Él negó con la cabeza pero Elline no podía verlo, perdida como estaba, observando, a través de unos cristales tintados, otro crepúsculo.
–No, claro que no tienes fuerzas –tenía todas las respuestas, Elline–. Harías el favor de darme fuego –ordenó más que pidió, mientras colocaba un cigarrillo de papel marrón en una boquilla de nácar. John cogió el encendedor que había en la repisa de la chimenea y ayudó a Elline a encenderse el cigarrillo que sujetaba en su mano derecha. No se miraron. Elline dio un par de largas caladas, saboreando más el nácar que el tabaco, y volvió su mirada hacía la ventana, apoyando sus brazos sobre el escritorio de madera oscura. Con las uñas de marfil dio un par de golpecitos a una copa de cristal. El fondo de la copa estaba manchado de oscuro.
–No deberías fumar, Elline. No después de lo que has pasado.
Elline no contestó, se llevó el cigarro a la boca y dio una larga calada. Sus dedos temblaron por un momento y un poco de ceniza cayó sobre la carta que minutos antes había estado leyendo. Y releyendo, una y otra vez.
John se quedó quieto, a la espera. La esperaría una última vez. Le debía eso, al menos –pensó–. Permaneció así, inmóvil; contemplando la caída de las hojas de un almendro del jardín.
–Son feas, ¿verdad? –continuó Elline sin compasión–. Las hojas.
John no se molestó en contestar. Pero sí, sin duda, era un triste espectáculo.
–Quién te lo iba a decir, ¿eh? Hace unos meses resplandecían bañadas en las lágrimas de la primavera, eran jóvenes y estaban llenas de color y de vida. Engalanadas de plata y rosa temblaban lúbricas e inseguras bajo las caricias del viento. Fíjate ahora, apenas han pasado unos días desde entonces y ya no son las mismas. No puedes contemplarlas igual, aunque quieras. No puedes. Son viejas. Ya no hay pétalos de marfil, ni húmedas flores sin abrir, sólo unas hojas oscuras y arrugadas, como los labios de un muerto que ni el viento se digna rozar. Caen solas, lánguidas, al vacío… y ¿de quién es la culpa?

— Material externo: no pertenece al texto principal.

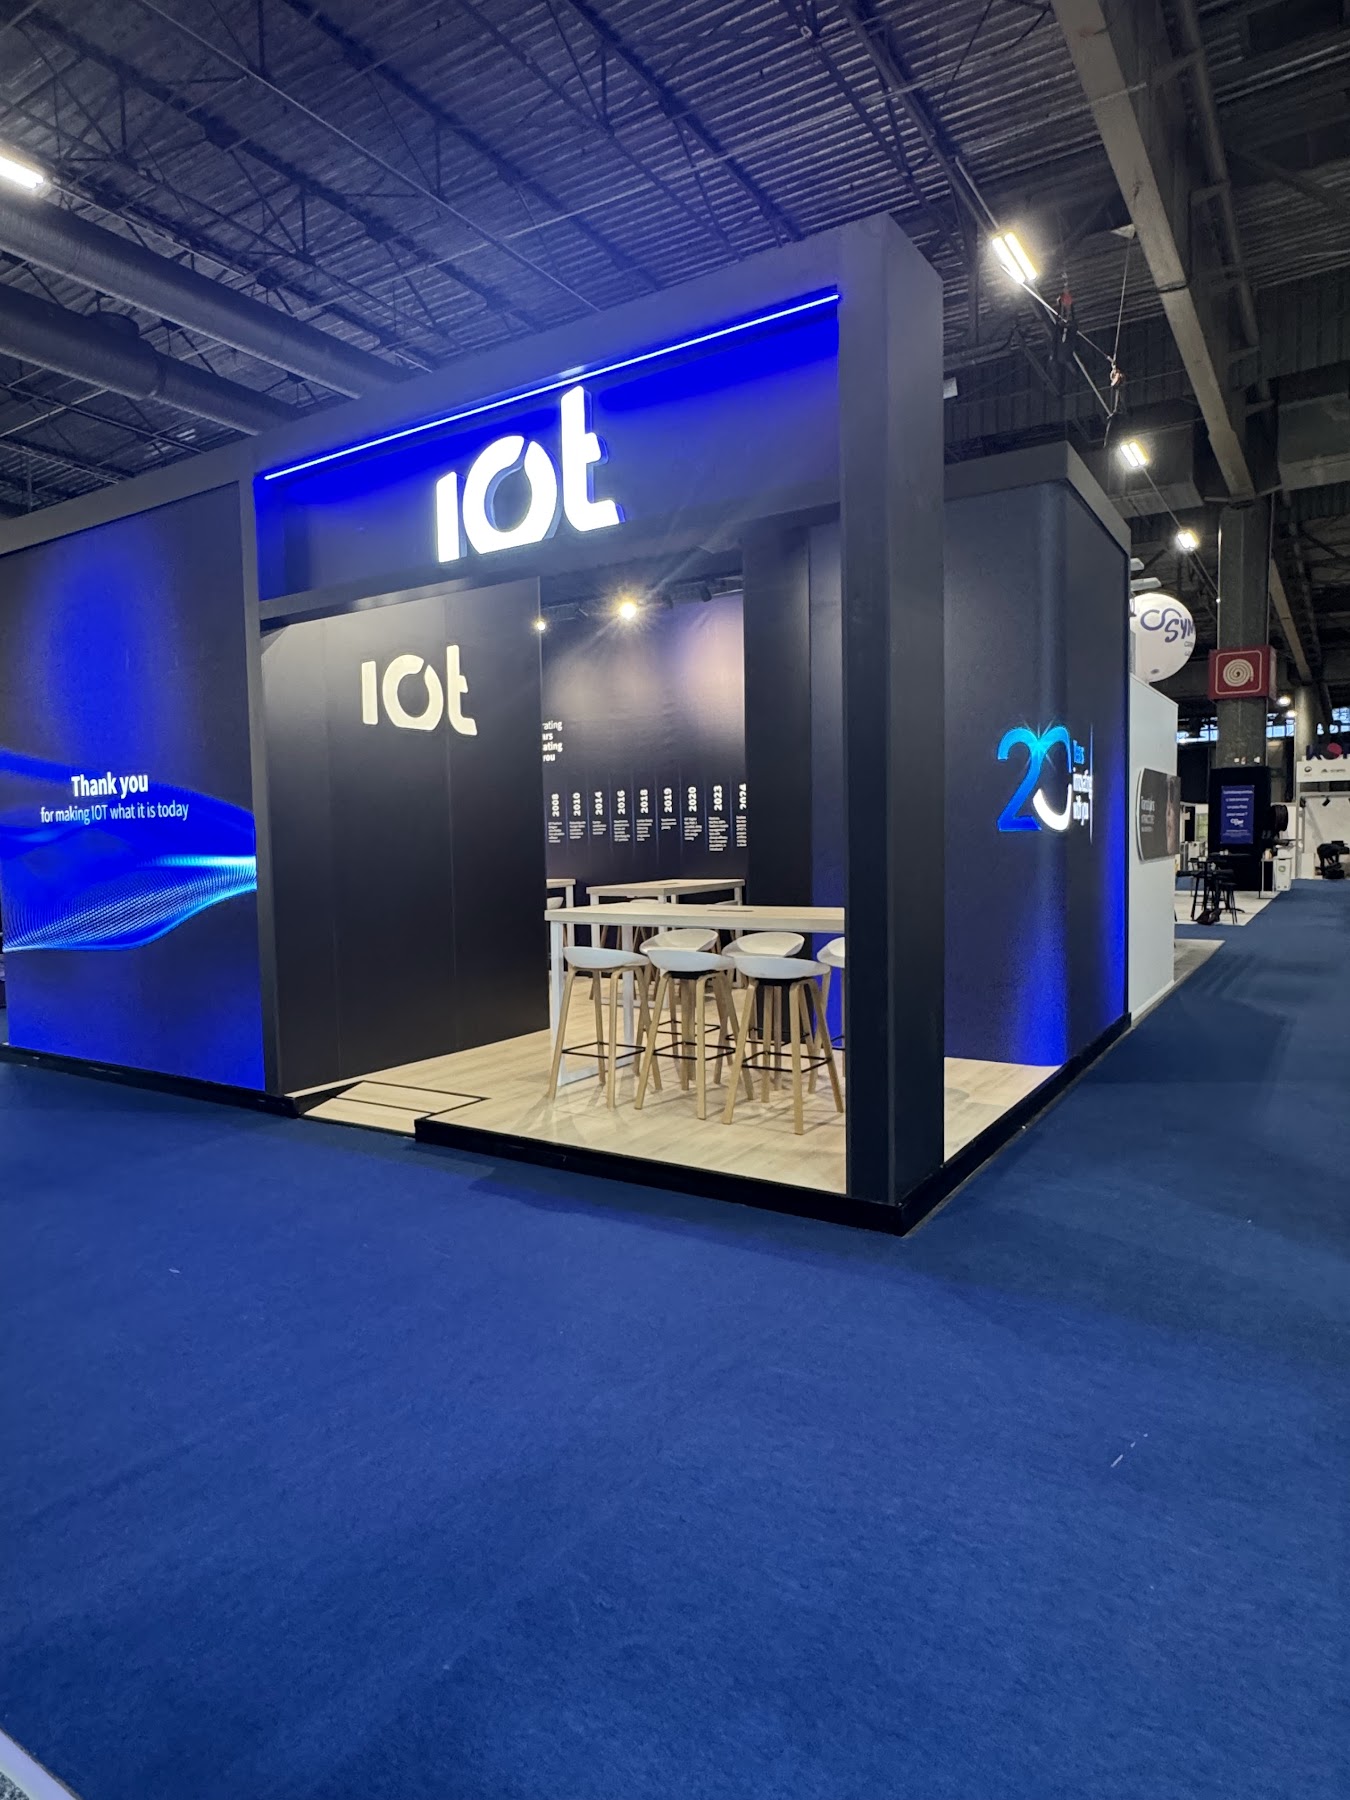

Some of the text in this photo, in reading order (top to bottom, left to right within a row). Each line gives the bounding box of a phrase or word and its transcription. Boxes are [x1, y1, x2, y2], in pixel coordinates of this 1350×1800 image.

[71, 772, 149, 799] Thank you
[713, 784, 723, 811] 2023
[551, 793, 560, 817] 2008
[573, 792, 582, 817] 2010
[594, 791, 603, 816] 2014
[616, 790, 626, 815] 2016
[639, 789, 649, 814] 2018
[664, 787, 673, 813] 2019
[688, 786, 697, 812] 2020
[40, 801, 189, 825] for making IOT what it is today

–No lo sé –contestó John–. Prefiero no hacerme esa pregunta.
–¡Es suya! –le espetó Elline, aunque John no sabría decir si se dirigía a él o a las hojas que, ajenas a la crueldad de su destino, seguían cayendo–. ¡Porque son feas! Son feas, feas, feas… Esa es su culpa. Tendrían que haber conservado su color siempre. Ahora ya es tarde y mueren. Mueren solas. Porque son feas.
Hubo un momento de silencio. Elline intentó recuperar la serenidad y se evadió de nuevo tras las sombras de sus gafas. John, esta vez, se fijó en ella. Sus labios temblaban. No se los había pintado. Se percató de que presentaban un feo color gris, como el de un coral muerto. John nunca había visto un coral muerto.
–Perdóname John, lo siento. Lo siento de veras. Mamá siempre decía que era muy masculina. Quizá sea porque los hombres siempre tienen la razón. O, al menos, parecen tenerla; aunque sólo sea a base de gritar más alto. Tú nunca has sido muy masculino, John. Te lo agradezco.
Elline abrió un cajón del escritorio y sacó una botella de cristal oscuro. Unas pocas motas de polvo se desprendieron del vidrio, deslizándose entre sus dedos de alabastro. John se fijó en la botella, apenas quedaba suficiente vino para llenar una última copa. Se sorprendió. Era el vino de “el español”. No sabía que Elline lo había guardado tanto tiempo. Sin duda, estaría ya agrio.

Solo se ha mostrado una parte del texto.